The Trumpification of Kristi Noem


Kristi Noem, the governor of South Dakota, is readying for her national close-up. How else to interpret her recent controversial trip to Texas to “fix” her smile, documented in a lengthy video?

You know, the one she posted on X, Facebook and Instagram, singing the praises of Smile Texas, the cosmetic dental clinic that remedied what she said had been a problem incurred long ago in an accident while bicycling with her children. The one that chronicled her journey to, she said, “a smile that I can be proud of and confident in.”

The result seemed so much like a promotional infomercial that Travelers United, a consumer advocacy group, is suing Ms. Noem for misleading advertising, claiming she was effectively acting as a travel influencer. Vanity Fair wrote that the whole exercise was “blowing up in her face.”

Except for one thing. The teeth story is about a lot more than teeth.

As the race to be Donald J. Trump’s running mate heats up, Ms. Noem’s new smile reflects a tactical move that has as much to do with politics and psychology as it does with appearance.

“It’s all about her appeal to an audience of one,” Ron Bonjean, a Republican strategist, said. “The whole teeth thing almost looks like it was done for Trump to see. She is showing him she works well in front of the camera, that she has that star power he wants onstage with him, while fitting into the mode of women in the Trump universe.”

Mr. Trump was, after all, the president who often identified his staff members, especially members of the military, as coming from “central casting.” He now dresses almost entirely in the colors of the American flag.
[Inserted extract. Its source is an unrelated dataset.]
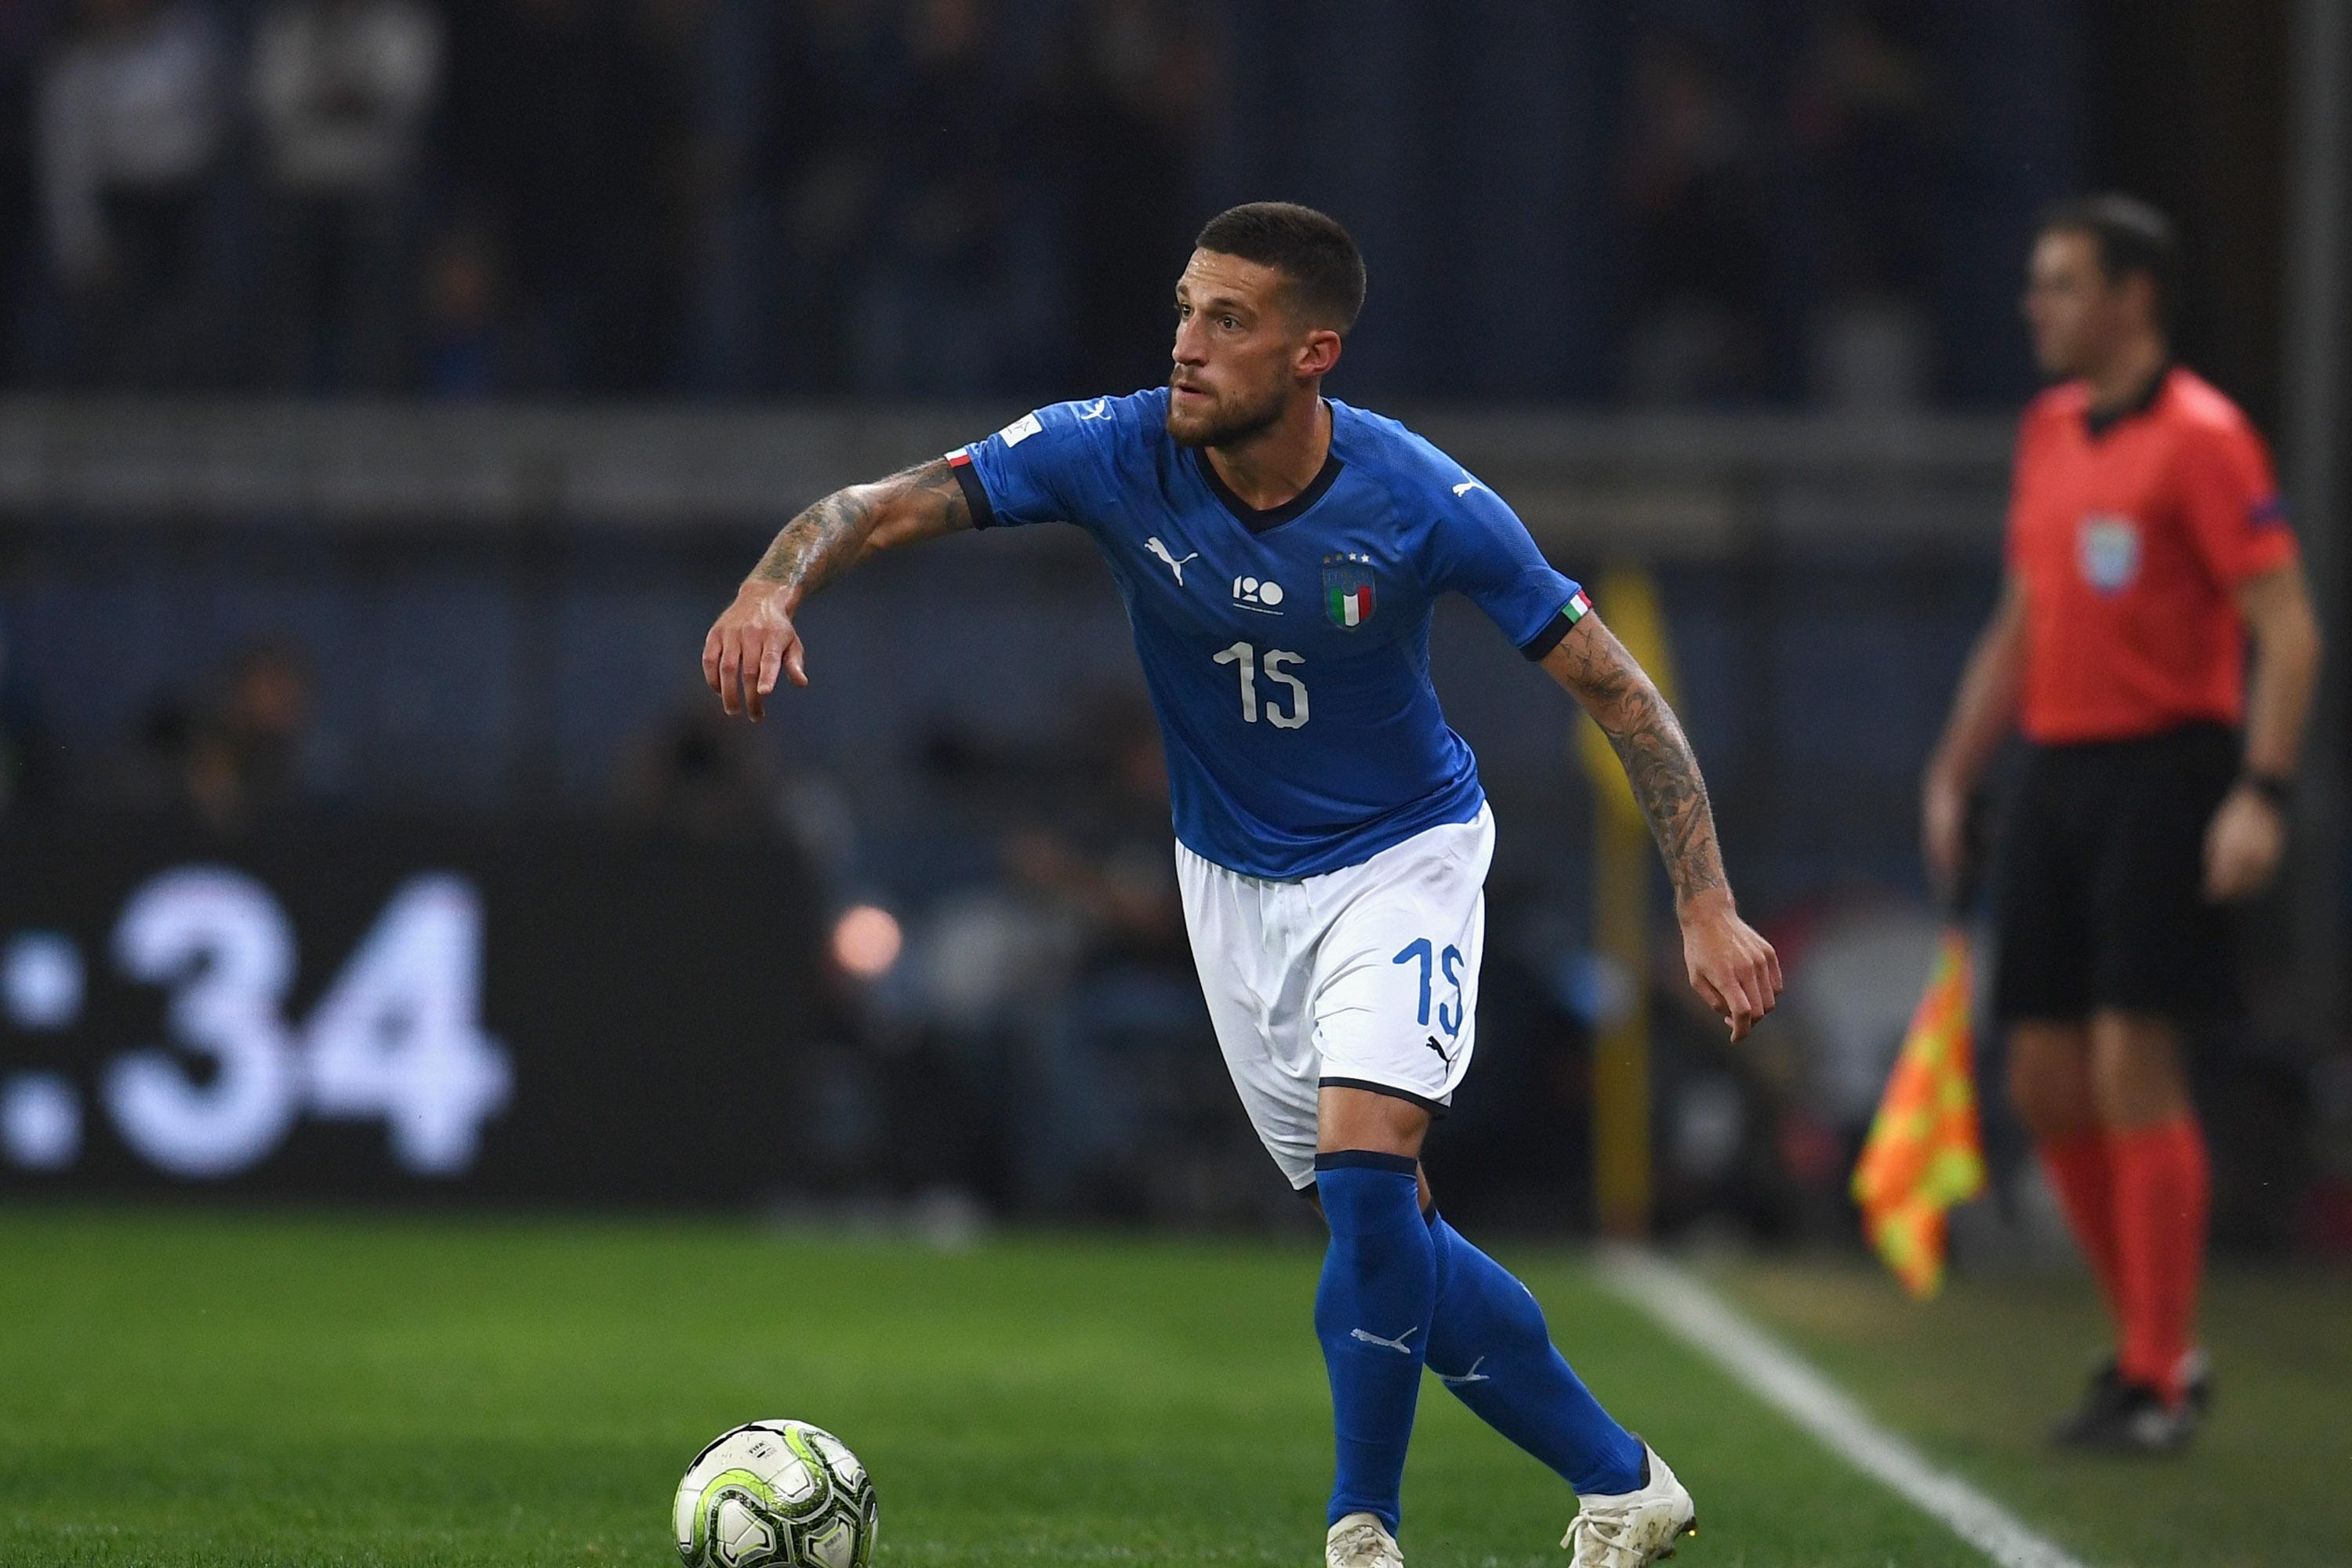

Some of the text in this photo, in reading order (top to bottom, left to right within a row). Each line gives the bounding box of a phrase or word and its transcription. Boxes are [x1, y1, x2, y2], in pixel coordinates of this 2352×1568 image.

[1232, 575, 1283, 605] 120
[1213, 641, 1309, 729] 15
[1392, 938, 1465, 1040] 15
He once announced that women should “dress like women” — and, as Richard Thompson Ford, a law professor at Stanford University and the author of “Dress Codes: How the Laws of Fashion Made History,” said, “We know what that means to him.” It is reflected in the profile of almost every woman in the Trump orbit, including his family members and his former press secretary Kayleigh McEnany.
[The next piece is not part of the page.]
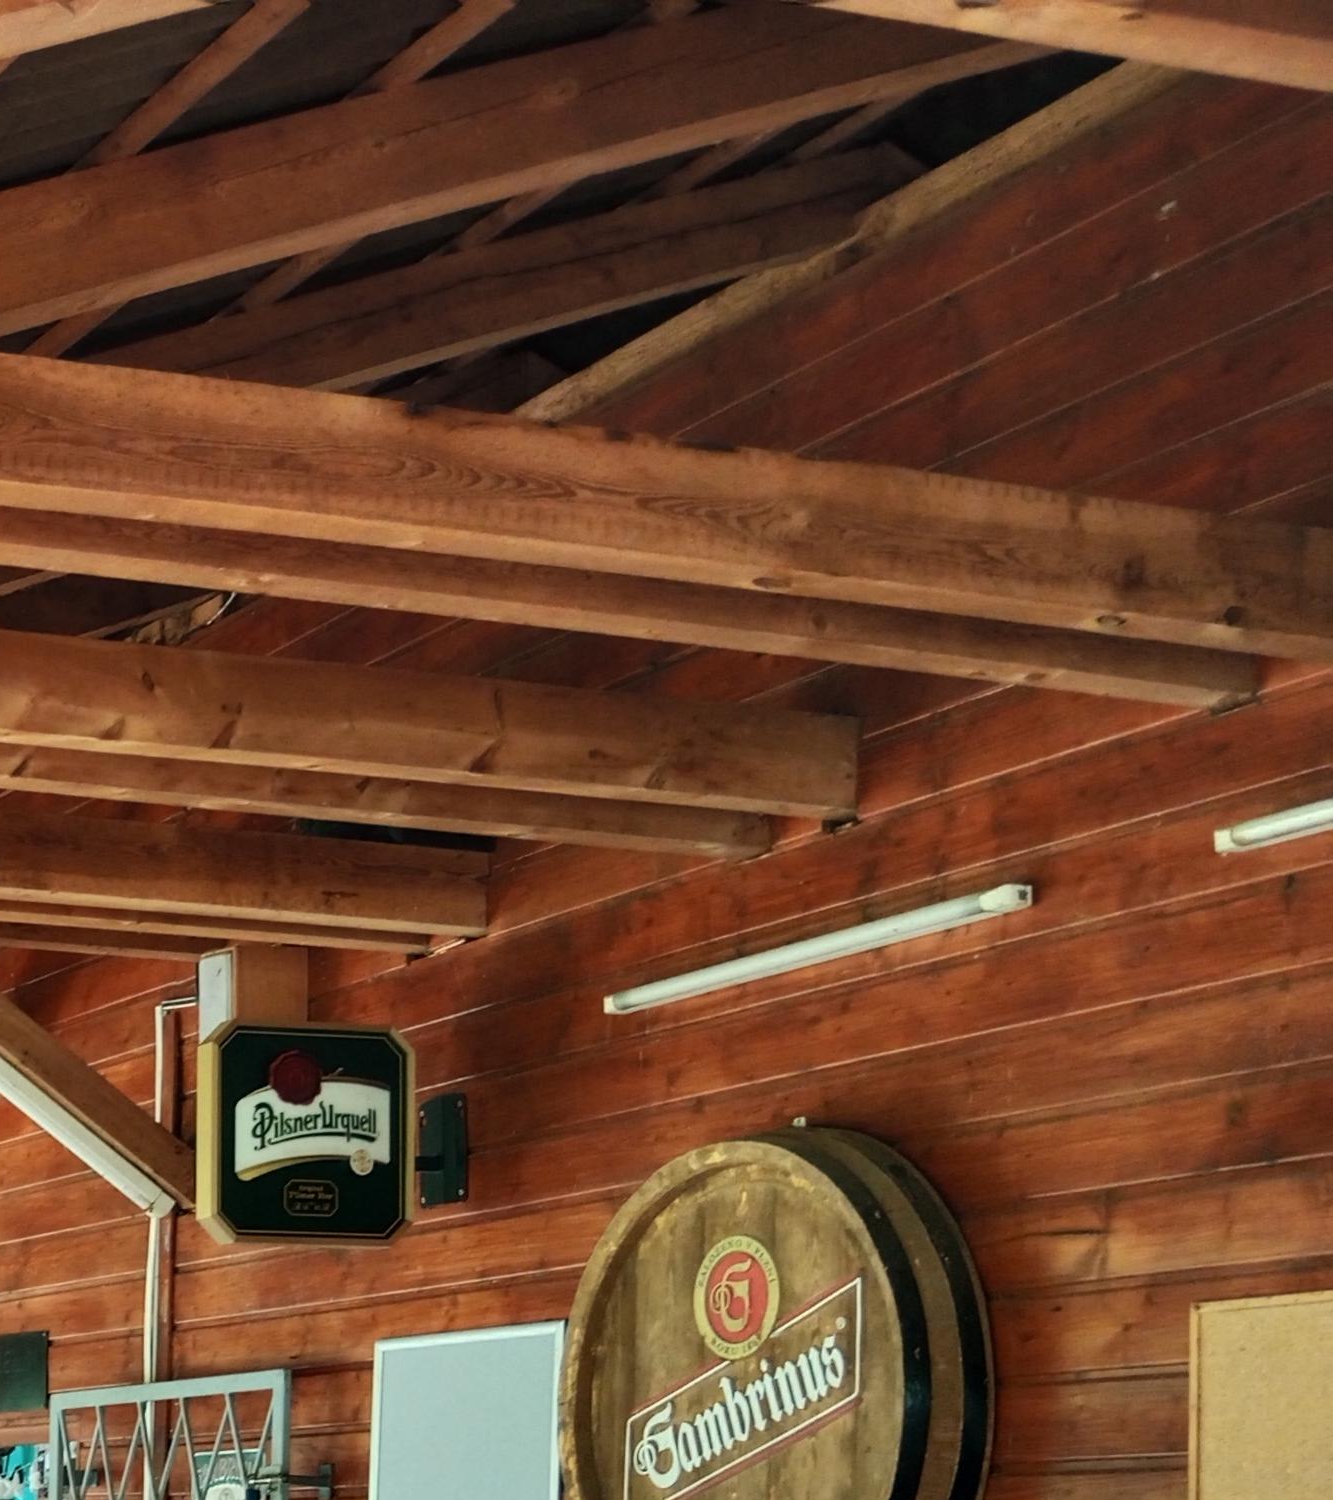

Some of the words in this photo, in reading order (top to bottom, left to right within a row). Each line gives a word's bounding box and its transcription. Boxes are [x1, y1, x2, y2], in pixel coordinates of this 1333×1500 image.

[251, 1101, 322, 1151] Pilsner
[319, 1101, 377, 1143] Urquell
[633, 1334, 846, 1489] Gambrinus
In this, Ms. Noem’s dental upgrade is simply the most recent step in what appears to be a yearslong makeover that has transformed her, more than any other woman on Mr. Trump’s shortlist, into what Samantha N. Sheppard, a professor of cinema and media studies at Cornell University, called “the perfect ornament for Trump.” Even beyond her popularity and credentials as a governor, and her MAGA platform, she offers an example of a certain kind of “Miss America-like white femininity,” Ms. Sheppard said, also reflected in Fox News anchors and that involves cascading hair, extensive eyelashes and a blinding smile.
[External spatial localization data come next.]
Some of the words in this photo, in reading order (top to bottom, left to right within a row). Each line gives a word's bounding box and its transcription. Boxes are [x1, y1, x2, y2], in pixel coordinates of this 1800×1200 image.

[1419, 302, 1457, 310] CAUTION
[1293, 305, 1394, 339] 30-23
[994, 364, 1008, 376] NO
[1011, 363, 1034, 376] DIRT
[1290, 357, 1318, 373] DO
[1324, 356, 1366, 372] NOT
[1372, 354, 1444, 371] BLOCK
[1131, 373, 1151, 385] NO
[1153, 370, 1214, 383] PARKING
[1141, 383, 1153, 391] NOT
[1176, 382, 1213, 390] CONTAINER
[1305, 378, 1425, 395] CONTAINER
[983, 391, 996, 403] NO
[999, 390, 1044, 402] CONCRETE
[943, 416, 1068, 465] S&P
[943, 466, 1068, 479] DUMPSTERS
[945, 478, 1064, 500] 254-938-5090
How does Mr. Trump know she’s part of his team? All he has to do is look.

The story is told in the imagery. Back in 2010, when she was first running for Congress, Ms. Noem had a haircut that looked like a cross between “the Rachel,” the layered, straightened haircut Jennifer Aniston made famous on “Friends,” and the power bob favored by Hillary Clinton and Nancy Pelosi. When she won re-election in 2012, she had chopped it into a short look that Ms. Sheppard compared to the signature haircut of Kate Gosselin from “Jon & Kate Plus 8,” albeit slightly more corporatized.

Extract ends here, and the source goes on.